Fallei was so taken by Reb Leivik that he submitted his resignation from the Zionist party and led the fight in support of Reb Leivik’s appointment as rav. Ultimately, an agreement was reached in which both Reb Leivik and Rav Gelman became official rabbanim, servicing different areas within the city.

As rav, Reb Leivik’s first step was a campaign for the reconditioning of the mikveh, which was old and in disrepair. He called a meeting with community leaders where he expressed the urgency of the matter. But their response was tepid as they claimed not to have sufficient funds. Reb Leivik stood up and removed the new kapoteh he’d just acquired in honor of his rabbanus. “Here,” he said, “sell this and use the money toward rebuilding the mikveh.”

With time, Reb Leivik won over many of his previous opponents.
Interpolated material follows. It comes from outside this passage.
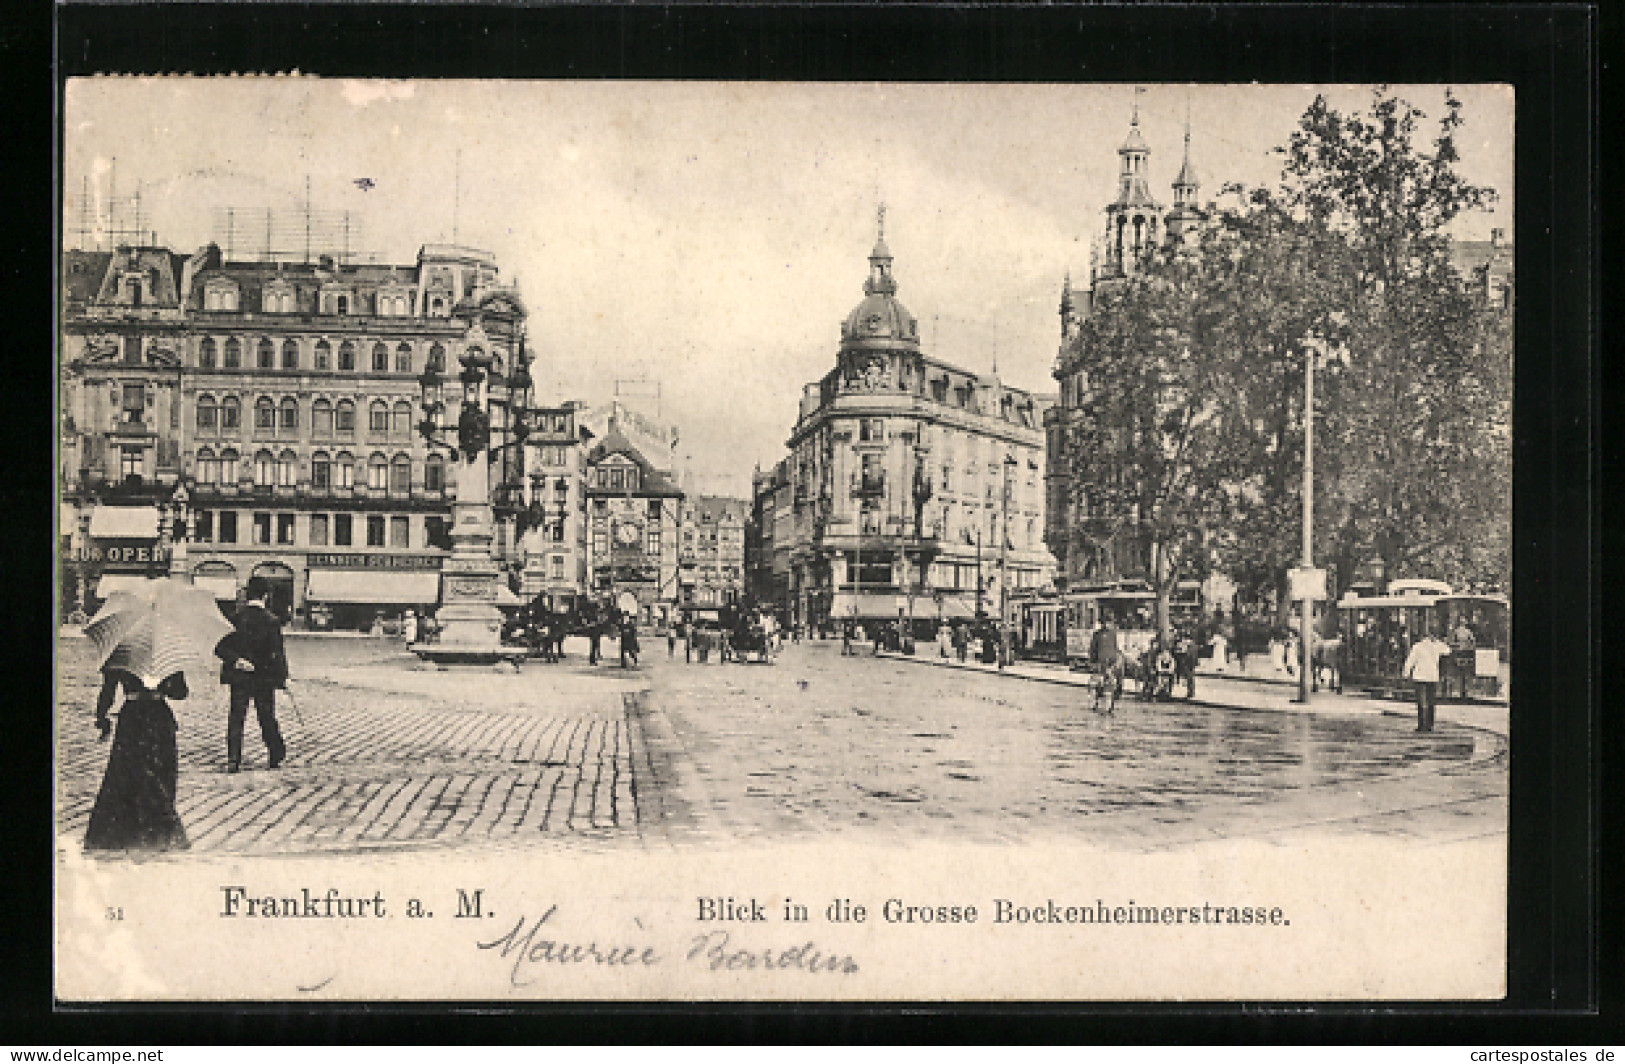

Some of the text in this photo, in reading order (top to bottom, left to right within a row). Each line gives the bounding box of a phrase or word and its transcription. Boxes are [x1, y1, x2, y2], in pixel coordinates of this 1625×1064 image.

Rebbetzin Chana describes how they now listed among the many Jews who came to consult with him in his office, and the increasingly larger audiences drawn to his derashos on Yamim Tovim.

The wave of radical leftism continued to grow and, along with it, severe governmental pressure to abandon all religion. Reb Leivik, however, would not tolerate any compromise. Rebbetzin Chana writes of a time when the government made all citizens fill in a questionnaire. One of the questions was “Do you believe in G-d?”

Reb Leivik realized that many were answering in the negative to avoid any harsh consequences. He ran from shul to shul fiercely proclaiming that it was forbidden to supply such a response.

“Anyone who wrote ‘no’ is a kofer b’malchus Shamayim!” he declared. “They must amend their response!”

Many Jews followed his directive, and the government agency, not knowing what to do with hundreds of submissions openly confirming belief in G-d, invalidated the questionnaire and issued a new one.

Later, Reb Leivik was confronted by government officials.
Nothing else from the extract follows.